Когда Матео Колон заглянул в комнату Моны Софии, она, одетая во что-то кружевное и прозрачное, заплетала косы перед зеркалом, стоявшим на туалетном столике. Анатом, так и застывший со всем своим снаряжением, видел в зеркале те самые глаза, в которых вчера была любовь. Вот они сейчас, и принадлежат они только ему, только его глазам. Тут он кашлянул, давая знать о своем присутствии.
Даже не повернув головы, Мона София жестом пригласила его войти.
— Я пришел написать ваш портрет.
Даже не повернув головы, Мона София объявила:
— Что вы будете делать во время визита, мне совершенно безразлично. — И тут же добавила: — Кстати, если не знаете, такса десять дукатов.
Вы меня не помните? пролепетал Матео Колон.
— Если бы я увидела ваше лицо… — сказала она своему неизвестному собеседнику, лицо которого скрывал от нее свернутый холст.
Тогда анатом сложил на пол свой багаж. Мона София принялась рассматривать его в зеркале.
— Не думаю, что видела вас прежде, —с сомнением в голосе произнесла она и повторила: — Десять дукатов.

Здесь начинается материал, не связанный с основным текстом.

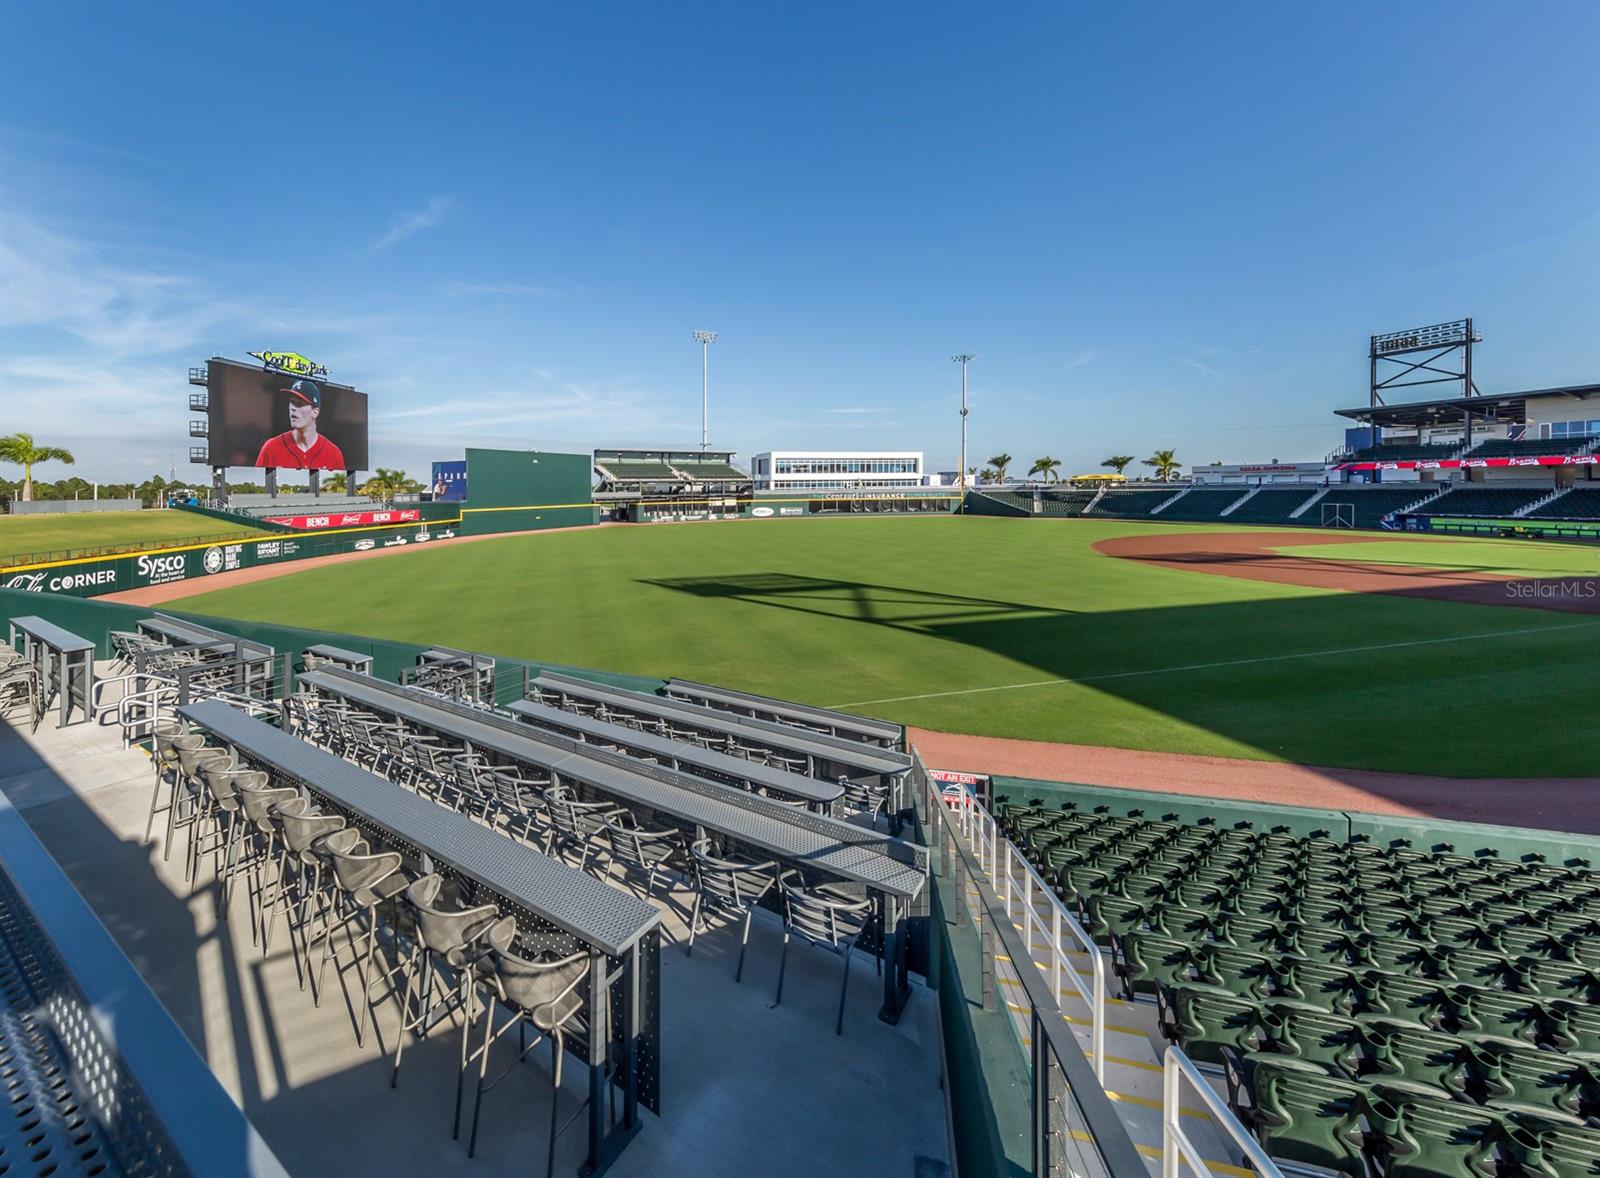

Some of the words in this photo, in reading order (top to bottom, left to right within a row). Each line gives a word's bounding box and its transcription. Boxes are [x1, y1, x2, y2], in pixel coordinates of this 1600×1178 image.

Матео Колон положил десять дукатов на ночной столик, развернул холст, натянул его на подрамник. Достал краски из висевшего на поясе мешочка, приготовил кисти и, не говоря ни слова, приступил к портрету, который должен был бы называться «Влюбленная женщина».
IV
Каждый день, когда механические фигуры на Часовой башне отбивали пять, Матео Колон поднимался по семи ступенькам, ведущим во внутренний дворик борделя на улочке Боччьяри, входил в комнату Моны, клал десять дукатов на ночной столик и, пока натягивал холст, даже не сняв плаща, говорил Моне, что любит ее, что, хотя она не хочет знать его, он видит любовь в ее глазах. Нанося на холст мазок за мазком, он умолял ее покинуть бордель и уехать с ним на другую сторону горы Вельдо, в Падую, говорил, что, если она захочет, он покинет свой университетский кабинет. И Мона, лежа обнаженной на постели, с сосками, твердыми, как зернышки миндаля, и нежными, как лепесток фрезии, неотрывно смотрела на Часовую башню, возвышавшуюся за окном, дожидаясь, пока снова раздастся бой часов. И когда он, наконец, звучал, она смотрела на этого человека исполненным злобы взглядом:
Твое время истекло, — говорила она и удалялась в туалетную комнату.
И каждый день, в пять часов вечера, когда тени от колонн Сан-Теодоро и крылатого льва сливались в одну продолговатую полосу, пересекавшую пьяццу Сан-Марко, анатом приходил в бордель со своим мольбертом, холстом и красками, клал десять дукатов на ночной столик и даже не снимал камзол. Смешивая краски на палитре, он говорил, что любит ее, что, хотя она сама не знает этого, он видит любовь в ее глазах. Он говорил ей, что даже рука Бога не смогла бы вновь создать такую красоту, что, если владелица не разрешит их брак, он выкупит Мону, отдав за нее все деньги, какие у него есть, что она оставит этот позорный публичный дом и они будут жить вместе в его родной Кремоне. И Мона София, которая, казалось, нисколько не слушала его, проводила рукой по своим бедрам, мягким и крепким, словно выточенным из дерева, и дожидалась, пока раздастся первый из шести ударов колокола, и это будет означать, что время ее клиента истекло.